Efficient storage of high throughput DNA sequencing data using reference-based compression.

http://www.ncbi.nlm.nih.gov/pubmed/21245279

Their basic idea is to reduce the amount of data stored that exactly reproduces a Reference Genome. Why store the same invariant data over and over again? Just save the interesting differences, and the quality scores near these differences.

First align all reads to a Reference Genome, then compress high quality reads (all bases Q>20) that perfectly match the Reference down to just a start position and a length. For Illumina reads, all the read lengths are the same, so that value just needs to be saved once for the entire data file. The aligned reads are sorted and indexed, so the position of each read can be marked just as an increment from the previous read. Groups of identical reads can be replaced by a count.

For reads that do not perfectly match the Ref. Genome, there may still be stretches of high quality matching bases. These can be represented by a set of start-stop coordinates with respect to the read start position, then an efficient formula to store differences for non-matching bases and the qualities of surrounding bases. Many such variant summaries already exist.

Another interesting idea is to use many different Reference Genomes (for humans), and match each sample to the most similar Reference. This might reduce the number of common variants observed by anything from 2x to 10X.

A number of new companies have recently been created, or have refocused their primary business effort on opportunities in clinical sequencing and personalized medicine. This area has received a lot of speculative attention in the past few years, but the recent development of “Exome” sequencing technology has suddenly made it a practical area for commercial investment.

There are several challenges in that must be overcome to make DNA sequencing a clinically relevant tool:

1) the cost of the assay, which includes sample collection from the patient, sample preparation, and operation of the DNA sequencing machine

2) bioinformatics to identify sequence variants in the patient’s DNA

3) filtering and interpretation of sequence variants for clinical relevance – i.e. identify variants that provide information that directly impacts disease treatment decisions.

Exome sequencing addresses all three of these challenges.

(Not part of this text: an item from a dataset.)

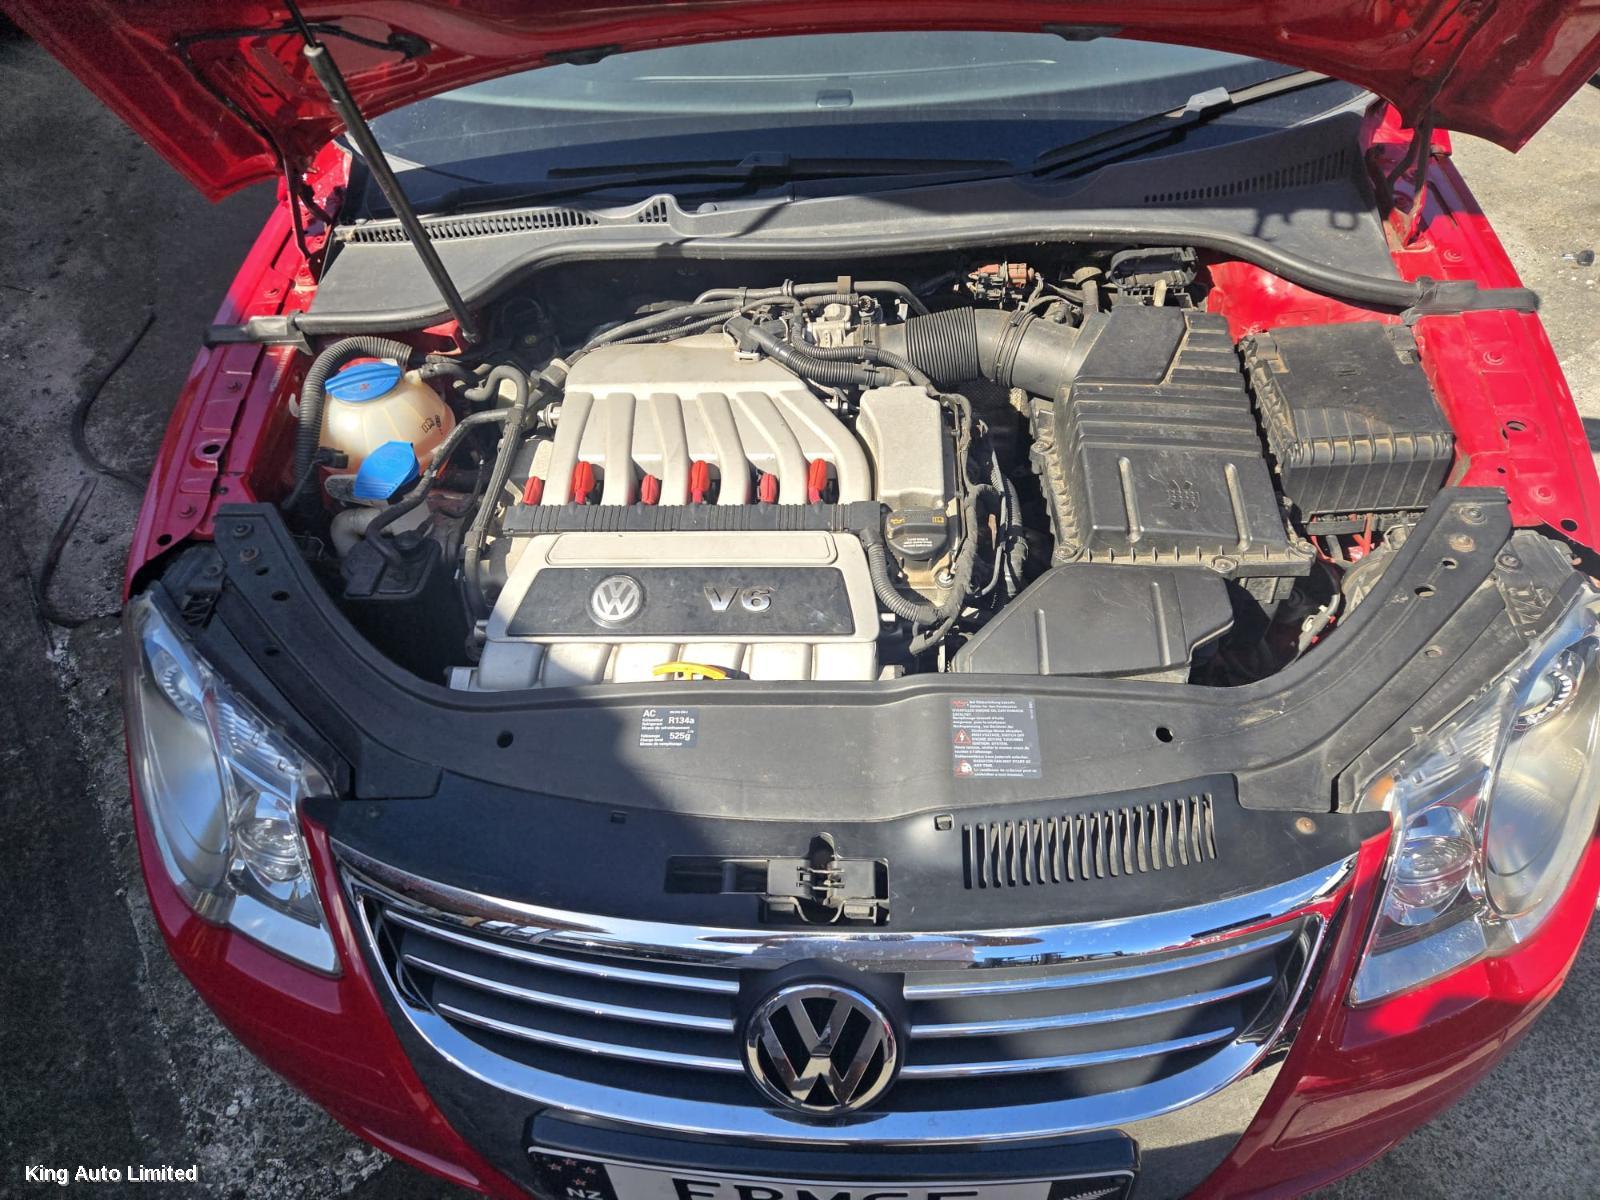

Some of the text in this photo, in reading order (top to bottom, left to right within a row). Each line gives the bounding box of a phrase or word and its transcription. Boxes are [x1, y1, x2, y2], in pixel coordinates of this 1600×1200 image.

The exome is defined as the protein coding exons of genes, which make up approximately 50 MB of the human genome – about 1.5% of the entire genome. New sample preparation reagents make it possible to capture this portion of the genome in a single step in a single tube for less than $100. The current Illumina HiSeq sequencing machine produces about 20 Gbp per lane for about $1500, which is equivalent to 400X coverage of the exome. Since current bioinformatics methods require only 50-100X coverage for optimal discovery of sequence variants, this allows 4 to 8 samples to be multiplexed into a single lane. Therefore exome sequencing can be used to scan all of a patient’s genes for under $500 in sequencing and sample preparation costs. The $1000 genome is available right now.

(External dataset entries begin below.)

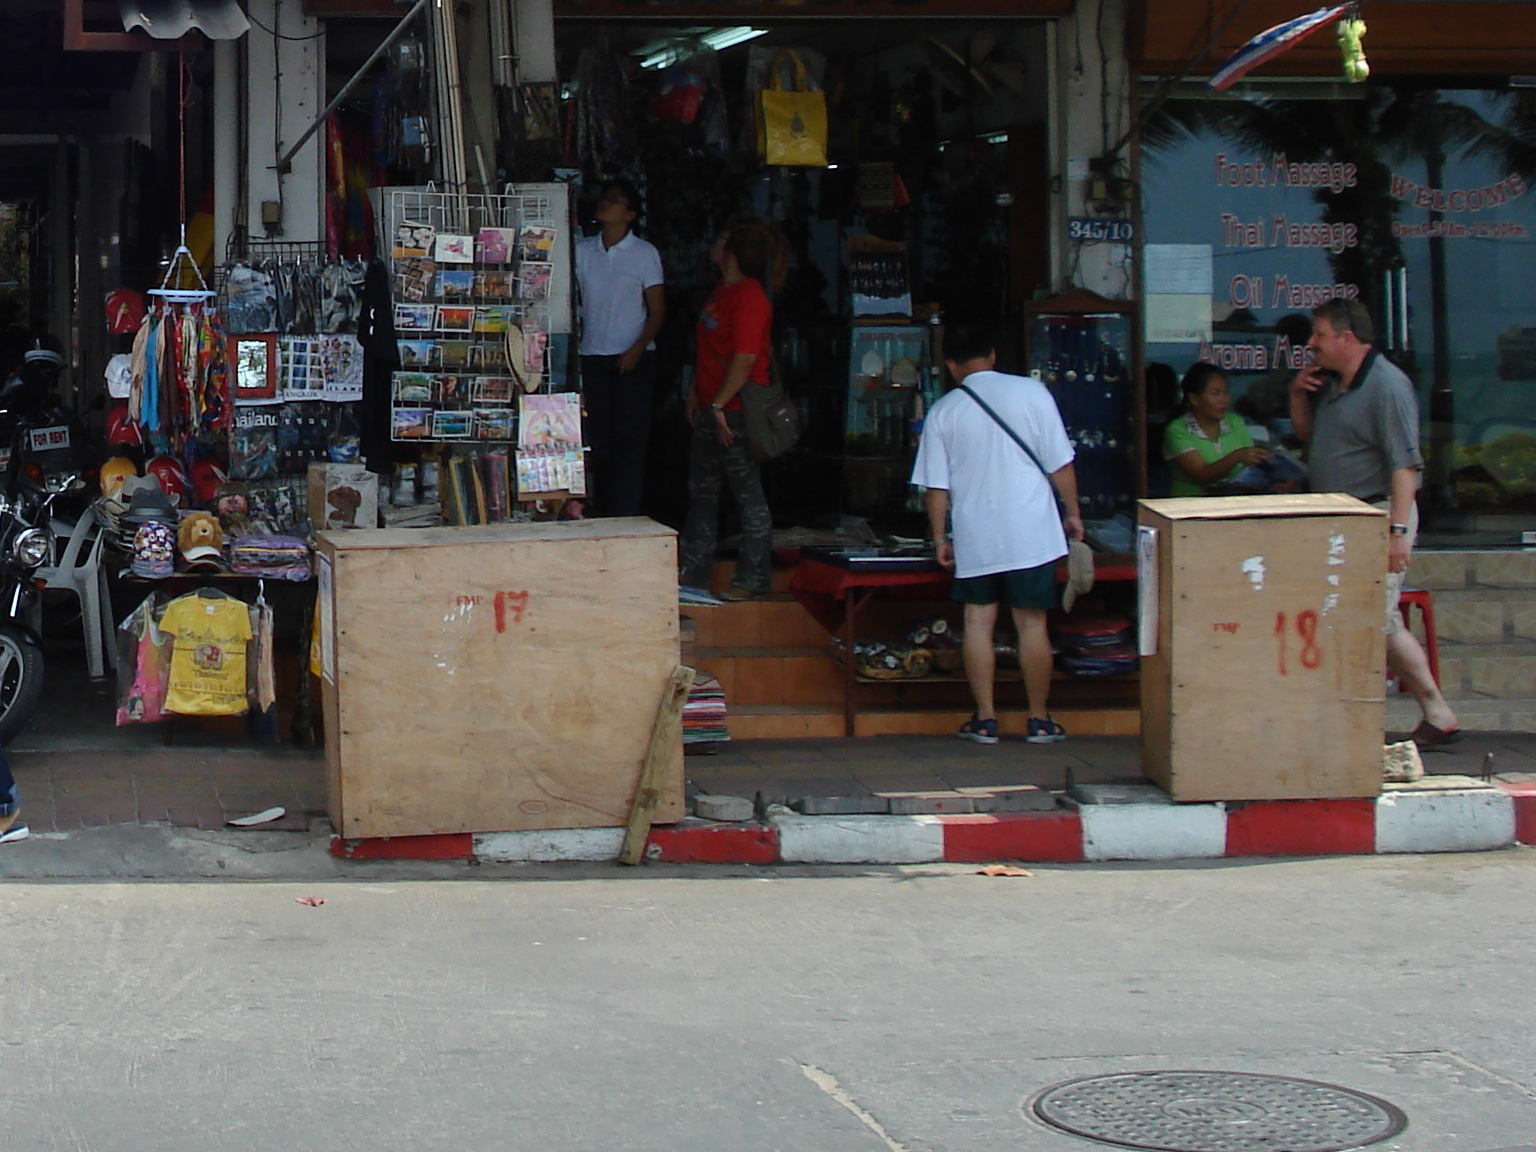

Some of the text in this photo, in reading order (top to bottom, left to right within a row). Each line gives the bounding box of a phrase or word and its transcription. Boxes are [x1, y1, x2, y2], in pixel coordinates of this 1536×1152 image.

[1215, 152, 1358, 193] Foot Massage
[1389, 172, 1529, 212] WELCOME
[1069, 220, 1133, 240] 345/10
[1221, 213, 1358, 253] Thai Massage
[1229, 274, 1263, 308] Oil
[1199, 339, 1268, 369] Aroma
[33, 431, 68, 446] FOR RENT
[493, 589, 529, 634] 17
[1274, 609, 1322, 676] 18

Since the exome is a much smaller amount of sequence than the entire genome, and it is focused on the best characterized regions, the task of identifying variants is simplified. The problem of false positives is reduced both by the smaller extent of sequence and by the deeper coverage (≥50X). The challenge of interpretation is also greatly reduced since exons are by definition protein coding. All exon sequence variants can be characterized as changing amino acids or not (or creating frameshifts &/or stop codons), and the likely impact on a protein of an amino acid change can be assessed by a number of existing algorithms. Most genes can be further characterized by existing knowledge about protein function such as metabolic and regulatory pathways, as well as databases of clinical genetic and pharmacogenetic information.

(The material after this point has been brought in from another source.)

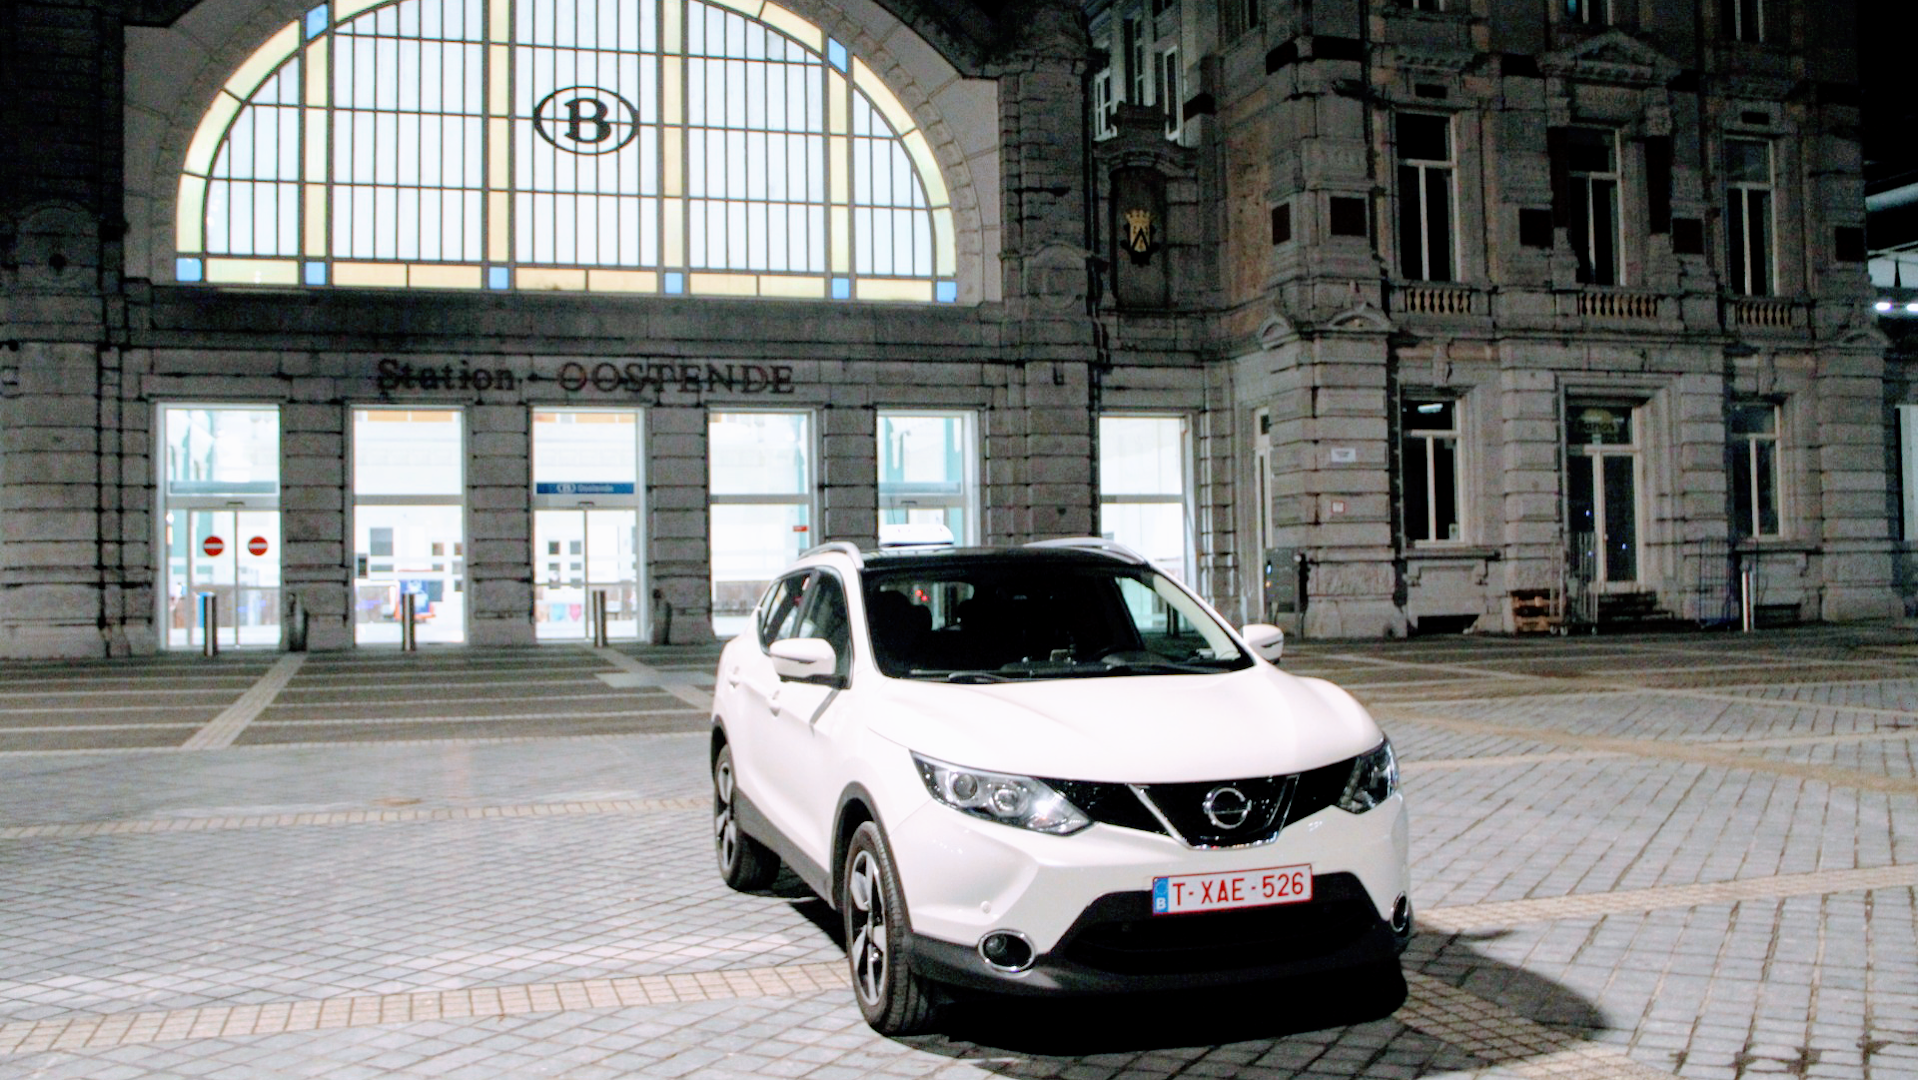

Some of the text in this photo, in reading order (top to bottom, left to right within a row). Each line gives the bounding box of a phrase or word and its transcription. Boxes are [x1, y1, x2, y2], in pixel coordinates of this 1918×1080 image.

Since the technical ability to perform exome sequencing and basic discovery of sequence variants is available to anyone with a HiSeq machine (and a few skilled bioinformaticians), companies are currently trying to distinguish themselves with the clinical interpretation that they can offer. Some companies are skipping the sequencing entirely and focusing solely on the interpretation of clinical sequence data.

• Ambry Genetics

Ambry Genetics is the first laboratory to provide CLIA-approved exome services for applications in clinical diagnostics along with clinical interpretation and classification of variant data. The expert bioinformatics team makes Clinical Diagnostic Exome™ possible with a robust data analysis pipeline for Mendelian disease discovery.

• Knome Offers Whole-Genome Sequencing, Interpretation for $5K

Founder: George Church

KnomeSelect, a targeted sequencing service that covers the exome, costs $24,500 for individuals. A comparative analysis of genomes includes a short list of suspect variants, genes and networks. Custom desktop software is provided for further analysis, including KnomeFinder for candidate variant discovery and KnomePathways for finding gene-gene interactions and gene networks. The company recently opened up its services to scientists interested in sequencing exomes or genomes of small numbers of humans as part of research studies.

• Personalis

Founders: Stanford founders are Russ Altman, chair of the bioengineering department; Euan Ashley, director of the Stanford Center for Inherited Cardiovascular Disease; Atul Butte, chief of the division of systems medicine at the department of pediatrics; and Michael Snyder, chair of the genetics department and director of the Stanford Center for Genomics and Personalized Medicine. John West, the former CEO of Solexa, is the new firm's CEO.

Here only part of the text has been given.